Quality Booster

The 90-Day Plan: Introducing AI Testing in Your Team

An honest roadmap for test managers who want to introduce AI-powered testing — with ISTQB concepts, realistic expectations, and the mistakes I've made.

Andi

Andi

Test Manager

Before we start, an honest number: according to an MIT study on the “GenAI Divide”, 95% of all GenAI pilot projects deliver no measurable business value. Not because the technology is bad — but because teams start without a clear plan, want too much at once, and give up too early.

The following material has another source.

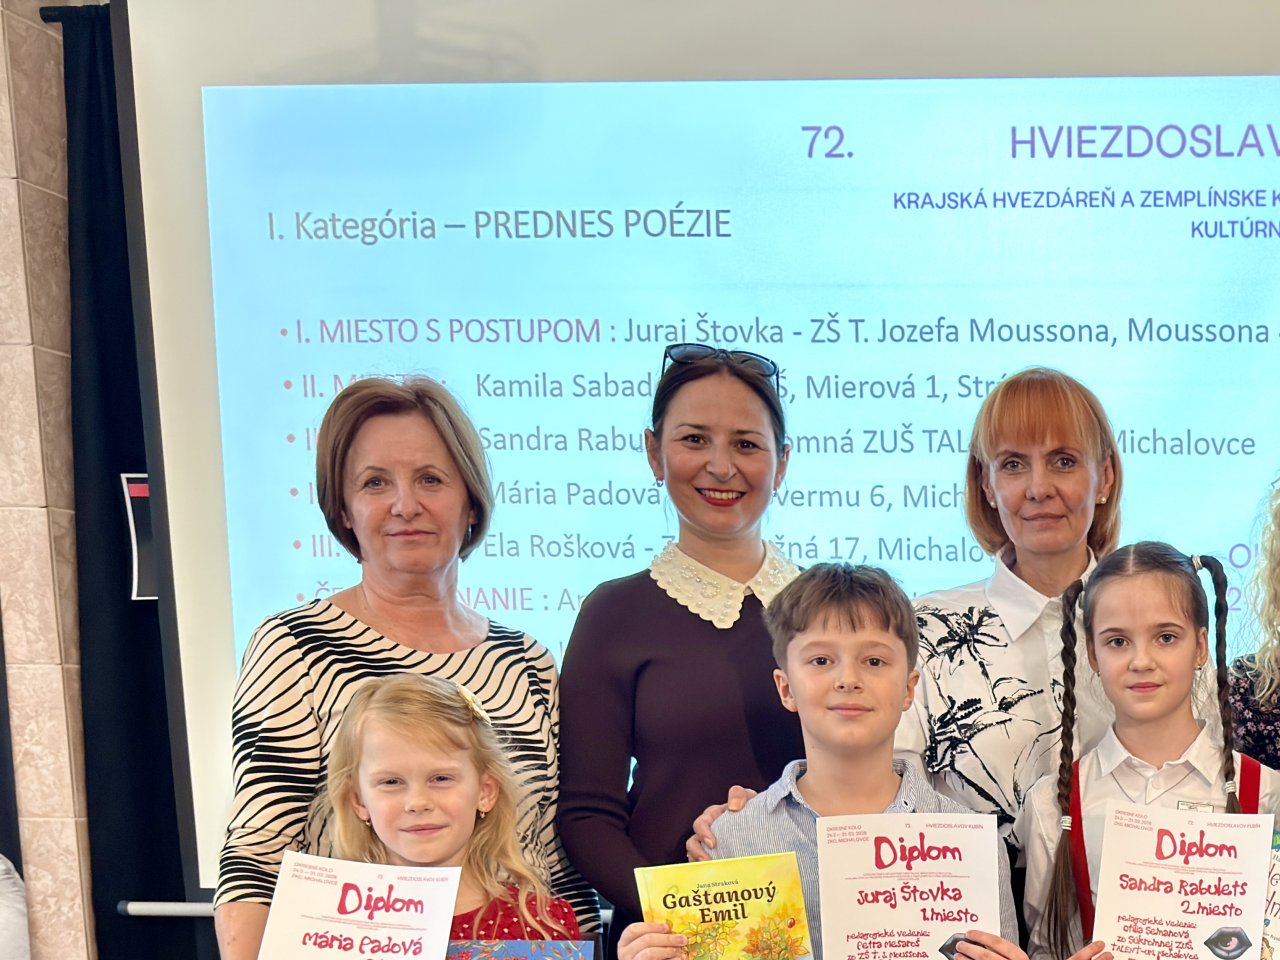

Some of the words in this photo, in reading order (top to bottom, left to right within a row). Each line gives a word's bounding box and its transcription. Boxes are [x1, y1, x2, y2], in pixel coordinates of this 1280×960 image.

This article is my attempt to do better. Not a polished framework, but a roadmap based on real experience — my own and from the industry. I deliberately use concepts from the ISTQB CT-AI syllabus (Certified Tester AI Testing), because they provide a shared language that goes beyond tool hype.

Understand
Week 1–2
🧪 Experiment
Week 3–6
📈 Expand
Week 7–10
🔄 Anchor
Week 11–12
🚀 Learn
Month 4+
From analysis to continuous learning

Before You Start: Two Things You Need to Understand

1. AI Amplifies What’s Already There

This is the most important insight across all experience reports: AI amplifies existing processes — it doesn’t fix broken ones. A team with solid testing fundamentals becomes more efficient with AI. A team with weak processes gets weak tests faster. The ISTQB calls this the principle of context-dependent testing — what works in one context doesn’t work in another.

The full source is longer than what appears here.